• Task prompt
Please set down the whole listing again, precisely.

******************************

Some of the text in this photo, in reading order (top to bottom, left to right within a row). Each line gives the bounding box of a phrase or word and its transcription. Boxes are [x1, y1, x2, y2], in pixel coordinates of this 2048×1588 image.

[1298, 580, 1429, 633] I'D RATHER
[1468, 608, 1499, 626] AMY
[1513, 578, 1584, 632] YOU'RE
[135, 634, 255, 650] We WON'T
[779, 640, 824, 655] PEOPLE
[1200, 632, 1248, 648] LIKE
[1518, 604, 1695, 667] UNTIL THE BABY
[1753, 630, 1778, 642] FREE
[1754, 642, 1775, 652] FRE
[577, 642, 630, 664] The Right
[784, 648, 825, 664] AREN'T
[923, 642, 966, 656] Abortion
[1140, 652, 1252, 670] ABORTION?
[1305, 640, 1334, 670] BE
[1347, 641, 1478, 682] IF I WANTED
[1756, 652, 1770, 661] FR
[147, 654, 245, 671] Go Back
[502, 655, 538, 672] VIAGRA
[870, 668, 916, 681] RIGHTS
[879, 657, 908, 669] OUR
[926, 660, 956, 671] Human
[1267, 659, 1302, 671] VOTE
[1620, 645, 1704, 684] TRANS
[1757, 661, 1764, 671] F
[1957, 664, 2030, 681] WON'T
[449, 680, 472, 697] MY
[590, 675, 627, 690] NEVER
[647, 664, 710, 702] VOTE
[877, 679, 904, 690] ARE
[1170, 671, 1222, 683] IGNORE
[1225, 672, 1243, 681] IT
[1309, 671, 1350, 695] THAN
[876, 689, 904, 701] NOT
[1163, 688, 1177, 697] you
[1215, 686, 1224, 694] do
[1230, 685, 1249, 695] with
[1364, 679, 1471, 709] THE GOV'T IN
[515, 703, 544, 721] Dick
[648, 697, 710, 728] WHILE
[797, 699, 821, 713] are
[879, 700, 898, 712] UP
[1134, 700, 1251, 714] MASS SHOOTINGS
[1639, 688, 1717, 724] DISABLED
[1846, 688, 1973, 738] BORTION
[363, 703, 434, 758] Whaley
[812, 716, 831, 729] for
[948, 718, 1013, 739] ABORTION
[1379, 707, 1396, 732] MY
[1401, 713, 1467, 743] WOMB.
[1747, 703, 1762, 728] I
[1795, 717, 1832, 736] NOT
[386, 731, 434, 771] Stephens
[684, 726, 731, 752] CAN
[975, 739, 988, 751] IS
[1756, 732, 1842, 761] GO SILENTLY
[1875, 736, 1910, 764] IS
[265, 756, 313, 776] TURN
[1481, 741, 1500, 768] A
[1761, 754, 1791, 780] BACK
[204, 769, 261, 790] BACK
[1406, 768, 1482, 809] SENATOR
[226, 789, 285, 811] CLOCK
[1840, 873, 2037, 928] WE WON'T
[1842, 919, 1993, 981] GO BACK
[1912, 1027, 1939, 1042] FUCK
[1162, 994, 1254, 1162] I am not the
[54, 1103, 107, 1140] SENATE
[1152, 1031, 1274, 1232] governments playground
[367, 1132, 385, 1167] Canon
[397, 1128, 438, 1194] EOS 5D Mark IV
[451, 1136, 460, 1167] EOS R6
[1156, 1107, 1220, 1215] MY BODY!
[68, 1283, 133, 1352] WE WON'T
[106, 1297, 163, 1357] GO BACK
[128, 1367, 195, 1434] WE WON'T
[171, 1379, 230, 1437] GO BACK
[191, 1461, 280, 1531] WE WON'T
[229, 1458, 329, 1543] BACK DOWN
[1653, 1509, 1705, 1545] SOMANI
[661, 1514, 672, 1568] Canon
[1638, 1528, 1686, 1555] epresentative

******************************

• Task output
Some of the text in this photo, in reading order (top to bottom, left to right within a row). Each line gives the bounding box of a phrase or word and its transcription. Boxes are [x1, y1, x2, y2], in pixel coordinates of this 2048×1588 image.

[1298, 580, 1429, 633] I'D RATHER
[1468, 608, 1499, 626] AMY
[1513, 578, 1584, 632] YOU'RE
[135, 634, 255, 650] We WON'T
[779, 640, 824, 655] PEOPLE
[1200, 632, 1248, 648] LIKE
[1518, 604, 1695, 667] UNTIL THE BABY
[1753, 630, 1778, 642] FREE
[1754, 642, 1775, 652] FRE
[577, 642, 630, 664] The Right
[784, 648, 825, 664] AREN'T
[923, 642, 966, 656] Abortion
[1140, 652, 1252, 670] ABORTION?
[1305, 640, 1334, 670] BE
[1347, 641, 1478, 682] IF I WANTED
[1756, 652, 1770, 661] FR
[147, 654, 245, 671] Go Back
[502, 655, 538, 672] VIAGRA
[870, 668, 916, 681] RIGHTS
[879, 657, 908, 669] OUR
[926, 660, 956, 671] Human
[1267, 659, 1302, 671] VOTE
[1620, 645, 1704, 684] TRANS
[1757, 661, 1764, 671] F
[1957, 664, 2030, 681] WON'T
[449, 680, 472, 697] MY
[590, 675, 627, 690] NEVER
[647, 664, 710, 702] VOTE
[877, 679, 904, 690] ARE
[1170, 671, 1222, 683] IGNORE
[1225, 672, 1243, 681] IT
[1309, 671, 1350, 695] THAN
[876, 689, 904, 701] NOT
[1163, 688, 1177, 697] you
[1215, 686, 1224, 694] do
[1230, 685, 1249, 695] with
[1364, 679, 1471, 709] THE GOV'T IN
[515, 703, 544, 721] Dick
[648, 697, 710, 728] WHILE
[797, 699, 821, 713] are
[879, 700, 898, 712] UP
[1134, 700, 1251, 714] MASS SHOOTINGS
[1639, 688, 1717, 724] DISABLED
[1846, 688, 1973, 738] BORTION
[363, 703, 434, 758] Whaley
[812, 716, 831, 729] for
[948, 718, 1013, 739] ABORTION
[1379, 707, 1396, 732] MY
[1401, 713, 1467, 743] WOMB.
[1747, 703, 1762, 728] I
[1795, 717, 1832, 736] NOT
[386, 731, 434, 771] Stephens
[684, 726, 731, 752] CAN
[975, 739, 988, 751] IS
[1756, 732, 1842, 761] GO SILENTLY
[1875, 736, 1910, 764] IS
[265, 756, 313, 776] TURN
[1481, 741, 1500, 768] A
[1761, 754, 1791, 780] BACK
[204, 769, 261, 790] BACK
[1406, 768, 1482, 809] SENATOR
[226, 789, 285, 811] CLOCK
[1840, 873, 2037, 928] WE WON'T
[1842, 919, 1993, 981] GO BACK
[1912, 1027, 1939, 1042] FUCK
[1162, 994, 1254, 1162] I am not the
[54, 1103, 107, 1140] SENATE
[1152, 1031, 1274, 1232] governments playground
[367, 1132, 385, 1167] Canon
[397, 1128, 438, 1194] EOS 5D Mark IV
[451, 1136, 460, 1167] EOS R6
[1156, 1107, 1220, 1215] MY BODY!
[68, 1283, 133, 1352] WE WON'T
[106, 1297, 163, 1357] GO BACK
[128, 1367, 195, 1434] WE WON'T
[171, 1379, 230, 1437] GO BACK
[191, 1461, 280, 1531] WE WON'T
[229, 1458, 329, 1543] BACK DOWN
[1653, 1509, 1705, 1545] SOMANI
[661, 1514, 672, 1568] Canon
[1638, 1528, 1686, 1555] epresentative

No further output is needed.